The reason for this, according to Adviser Ratings, is the Life Insurance Framework heavily reducing most advisers’ engagement in the life insurance space.
“However, a small proportion of high-performing advisers have responded by capturing a much higher share of the available new business,” the report said.
“To showcase the effect on advisers, we divided them into four segments: A, B, C, and D, based on how much new business they wrote in the preceding six months. Each segment represents a quarter of new business written, sorted by total amount per adviser. Segment A wrote the most per adviser, while segment D wrote the least. We then analysed how these groups changed over time.”
The top segment was made up of just 118 advisers, who wrote around $190,000 in new life business on average. Segment B, comprised of 362 advisers, sat closer to $60,000 in new business per adviser.
“The high-performing advisers in segment A are now writing more risk than they did in 2020, before commissions were heavily capped,” the report said.
“At the other end of the scale, segments C and D (820 and 5,099 advisers, respectively) are still participating in the market, but wrote very little in risk volume over the six-month period.”
In September 2023, Adviser Ratings reported that half of all life policies were written by 493 advisers in the six months to 30 June 2023. The other 50 per cent were written by 5,880 advisers, taking the total pool of advisers that wrote life policies to 6,373.
While the top end number has shrunk, the number of advisers writing life policies has grown slightly to 6,399.
According to Adviser Ratings, the life insurance sector is continuing to experience greater demand than advisers can service.
“The life insurance industry has been under strain for some years, and that has a number of implications, including an ongoing and widespread underinsurance issue. Last year, lapse rates jumped, as consumers contended with the rising cost of living and premium increases.

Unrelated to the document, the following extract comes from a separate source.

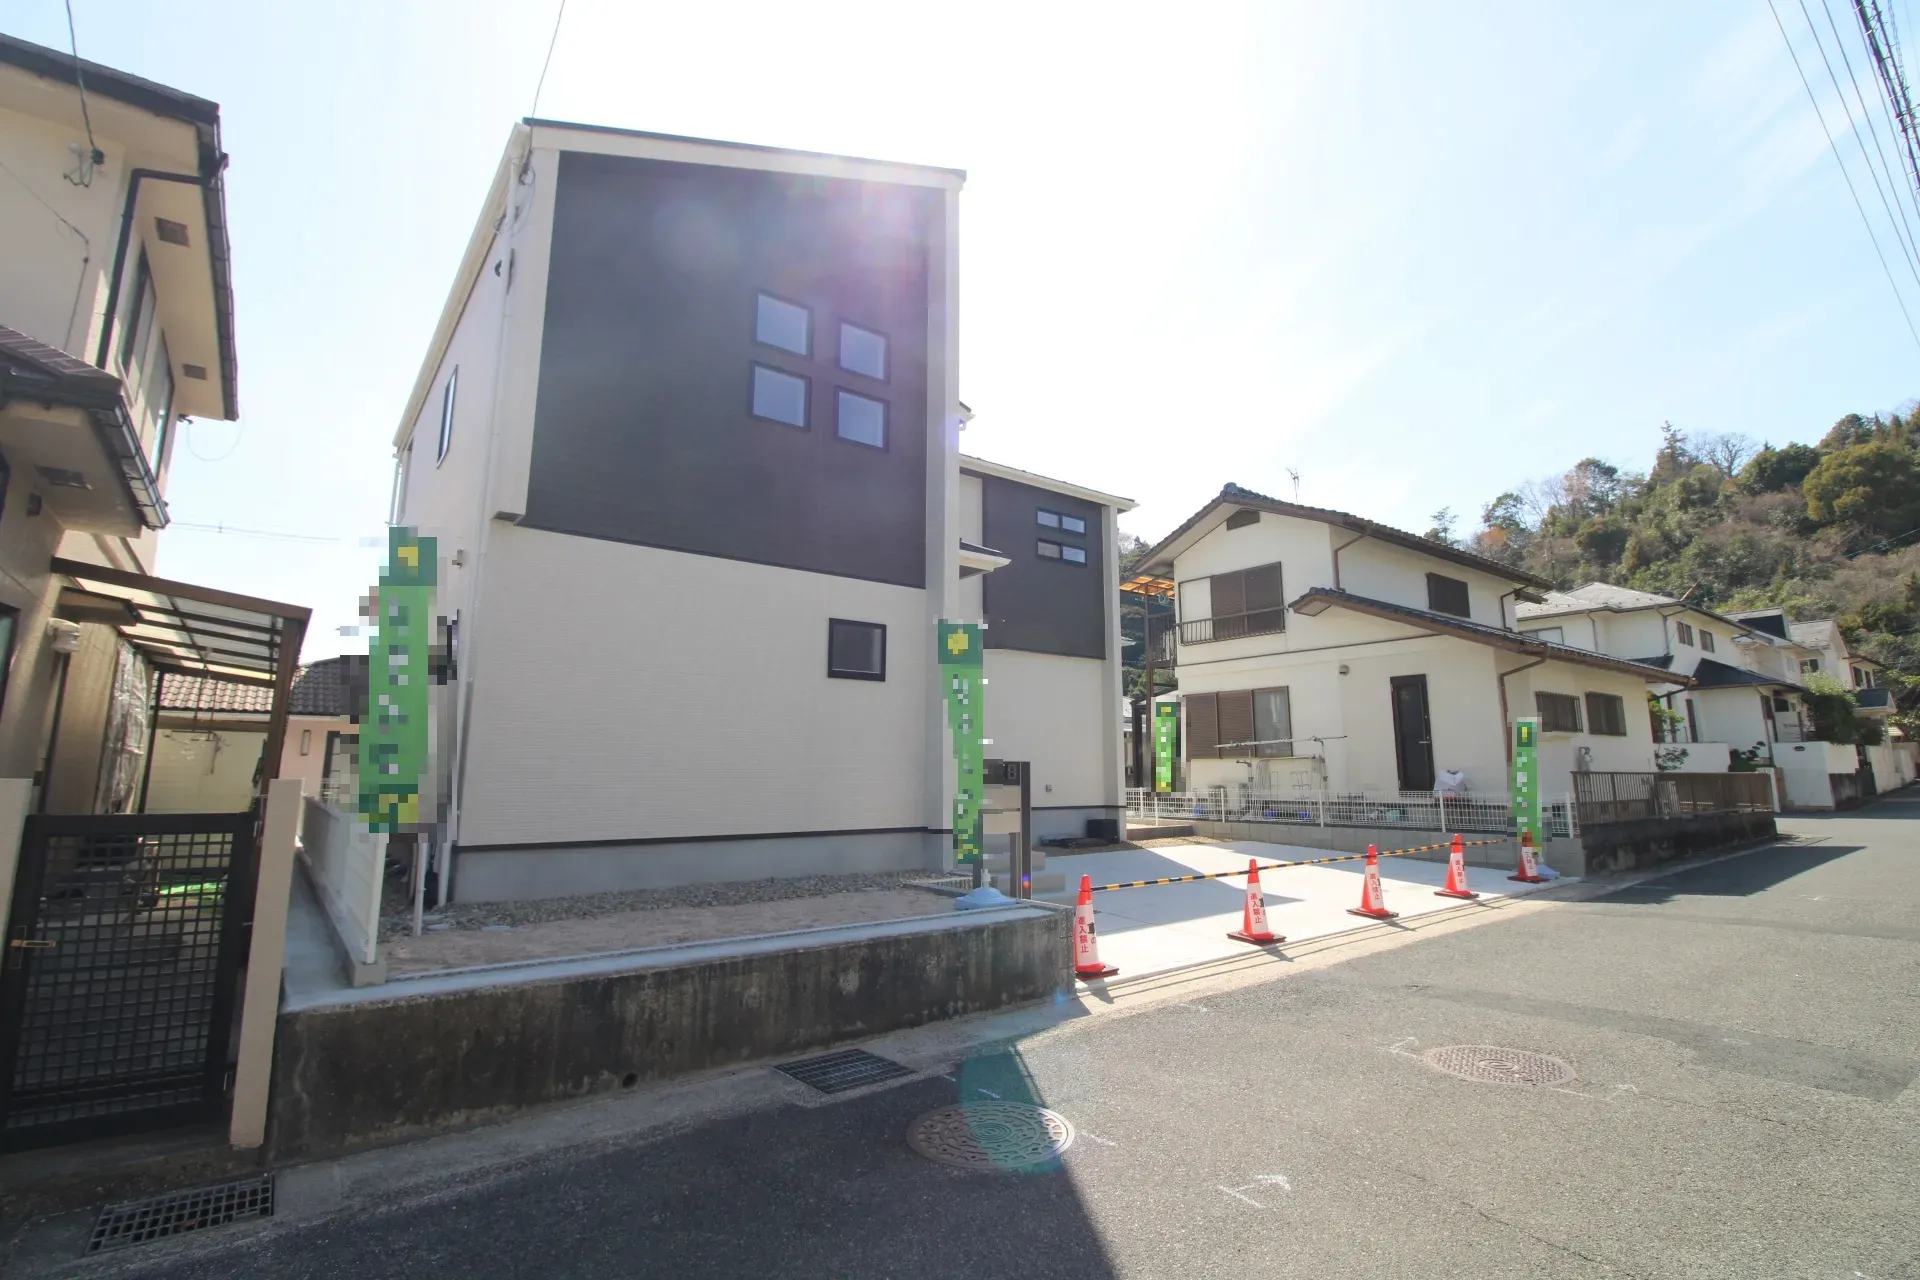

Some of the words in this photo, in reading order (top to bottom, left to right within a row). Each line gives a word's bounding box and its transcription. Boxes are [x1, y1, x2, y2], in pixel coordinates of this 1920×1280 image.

It’s an undesirable scenario for insurers, advisers, and consumers,” the report said.
“Our research shows that advisers have capped out on the level of servicing they can do for risk clients, against the reality that the demand for life insurance remains strong but is not converting due to higher premiums, and individual advisers’ willingness or ability to service the clients, or the cost to place business.”

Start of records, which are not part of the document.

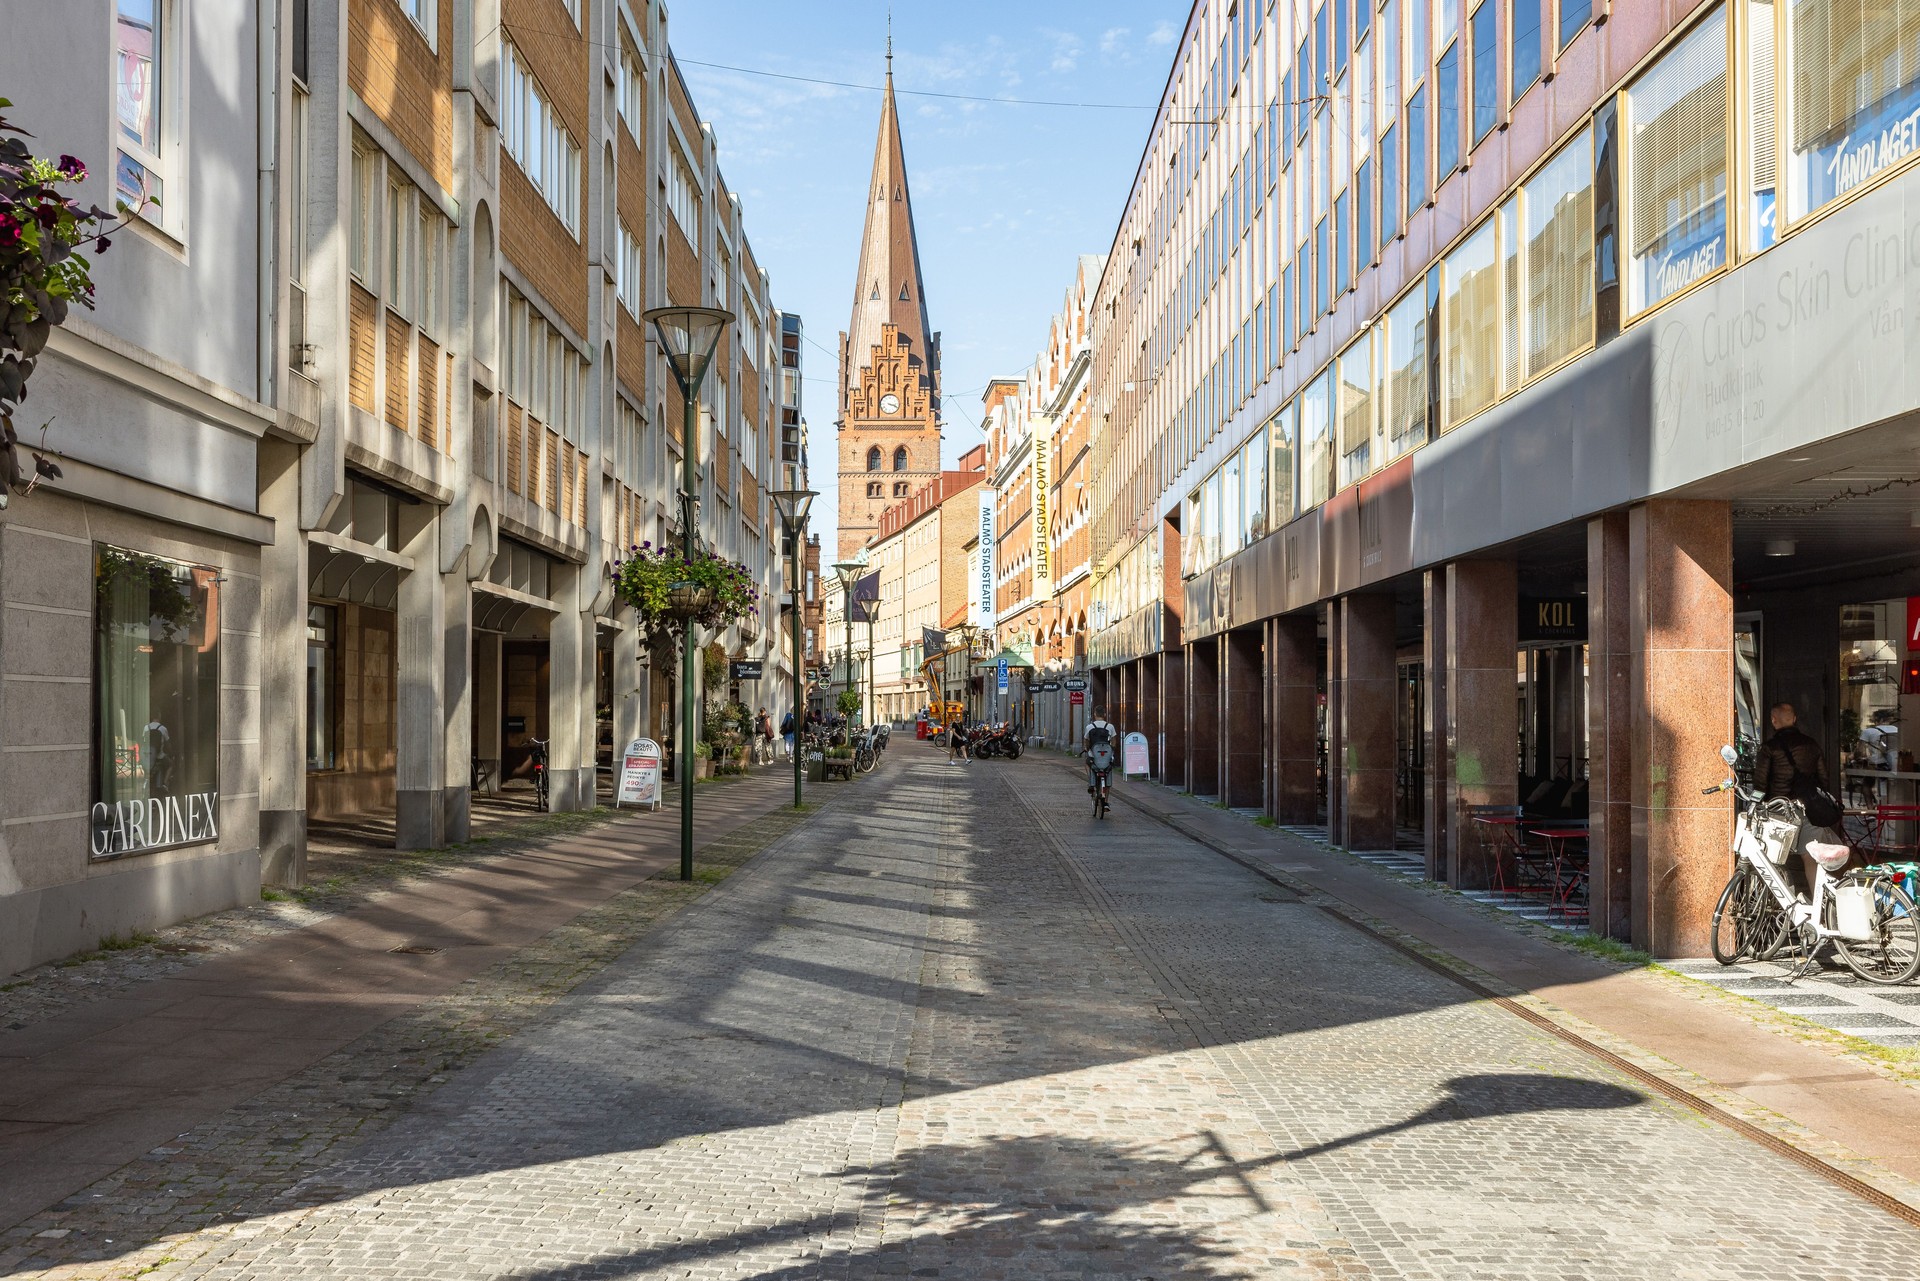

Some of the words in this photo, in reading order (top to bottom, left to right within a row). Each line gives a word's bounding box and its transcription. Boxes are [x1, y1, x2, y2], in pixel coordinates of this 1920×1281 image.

[1827, 107, 1920, 196] TANDLAGET
[1656, 236, 1720, 298] TANDLAGET
[1702, 303, 1767, 367] Curos
[1776, 261, 1830, 332] Skin
[1869, 300, 1904, 339] Vån
[1704, 360, 1764, 410] Hudklinik
[1753, 399, 1764, 421] 20
[1036, 439, 1049, 490] MALMÖ
[982, 507, 993, 546] MALMÖ
[1036, 492, 1048, 579] STADSTEATER
[982, 548, 991, 613] STADSTEATER
[1539, 602, 1575, 626] KOL
[91, 791, 218, 855] GARDINEX

The industry and government, the research firm added, need to implement incentives for brokers and advisers to collaborate or direct incentives for customers, ensuring that consumers are “guided towards more effective and reliable insurance options that offer better value and protection”.
“The industry needs to not only overcome the immediate legacy pricing, pre-assessment, underwriting and operational issues, but become more creative in developing the psychological imperative for life insurance,” the report said.
“Most people need life insurance as one of their first financial products and it is a great runway for people to move into longer term financial advice as their needs change and evolve over time.
“This creates the ongoing and long-term economic uplift of introducing people to financial advice when they’re young; engagement with financial advice as a sector (even via other referral mechanisms or aligned industries) can improve over the long term through a strong, robust, profitable life insurance sector.”




I wonder how much of the new business being written is switching from older generation IP products to the “post APRA intervention” IP products which are a bit cheaper and much nastier.
I could easily write lots of new business if I did that with my clients who have older IP policies and are feeling the pinch from rising premiums. But it would rarely be in the client’s best interest, and would be a huge compliance risk.
I suspect there may be some advisers who are responding to strong consumer demand for cheaper IP policies by glossing over the limitations of new generation IP products and the benefits lost in switching.
” The available new business” – You obviously don’t know much about the life insurance industry. The available new business to write in Australia has never been even closely written in any year.
Ted Carroll
who has time to write new business when you spend all your time making policy alterations for existing clients due to the insurers price gouging each year.
Approx 12 years ago, i placed a reasonably large case for directors of a professional services medical practice.
This came through a referral from their Accountant.
The case took approx 8 months and 100’s and 100’s of hours to place the cover including significant gathering of financial & legal data, several interstate flights for meetings, strategy discussion, recommendations, pricing models and alternative options etc etc.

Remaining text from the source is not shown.